Assessment of cerebral hemodynamic parameters using pulsatile versus non-pulsatile cerebral blood outflow models.

BACKGROUND: Prior methods evaluating the changes in cerebral arterial blood volume (∆CaBV) assumed that brain blood transport distal to big cerebral arteries can be approximated with a non-pulsatile flow (CFF) model. In this study, a modified ∆CaBV calculation that accounts for pulsatile blood flow forward (PFF) from large cerebral arteries to resistive arterioles was investigated. The aim was to assess cerebral hemodynamic indices estimated by both CFF and PFF models while changing arterial blood carbon dioxide concentration (EtCO2) in healthy volunteers. MATERIALS AND METHODS: Continuous recordings of non-invasive arterial blood pressure (ABP), transcranial Doppler blood flow velocity (CBFVa), and EtCO2 were performed in 53 young volunteers at baseline and during both hypo- and hypercapnia. The time constant of the cerebral arterial bed (τ) and critical closing pressure (CrCP) were estimated using mathematical transformations of the pulse waveforms of ABP and CBFVa, and with both pulsatile and non-pulsatile models of ∆CaBV estimation.

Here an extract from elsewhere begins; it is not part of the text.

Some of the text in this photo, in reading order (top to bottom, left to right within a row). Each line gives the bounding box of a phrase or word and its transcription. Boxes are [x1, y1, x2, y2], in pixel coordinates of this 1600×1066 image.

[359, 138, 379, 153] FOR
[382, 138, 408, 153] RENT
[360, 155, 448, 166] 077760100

Results are presented as median values ± interquartile range. RESULTS: Both CrCP and τ gave significantly lower values with the PFF model when compared with the CFF model (p ≪ 0.001 for both). In comparison to normocapnia, both CrCP and τ determined with the PFF model increased during hypocapnia [CrCPPFF (mm Hg): 5.52 ± 8.78 vs. 14.36 ± 14.47, p = 0.00006; τPFF (ms): 47.4 ± 53.9 vs. 72.8 ± 45.7, p = 0.002] and decreased during hypercapnia [CrCPPFF (mm Hg): 5.52 ± 8.78 vs. 2.36 ± 7.05, p = 0.0001; τPFF (ms): 47.4 ± 53.9 vs. 29.0 ± 31.3, p = 0.0003]. When the CFF model was applied, no changes were found for CrCP during hypercapnia or in τ during hypocapnia. CONCLUSION: Our results suggest that the pulsatile flow forward model better reflects changes in CrCP and in τ induced by controlled alterations in EtCO2.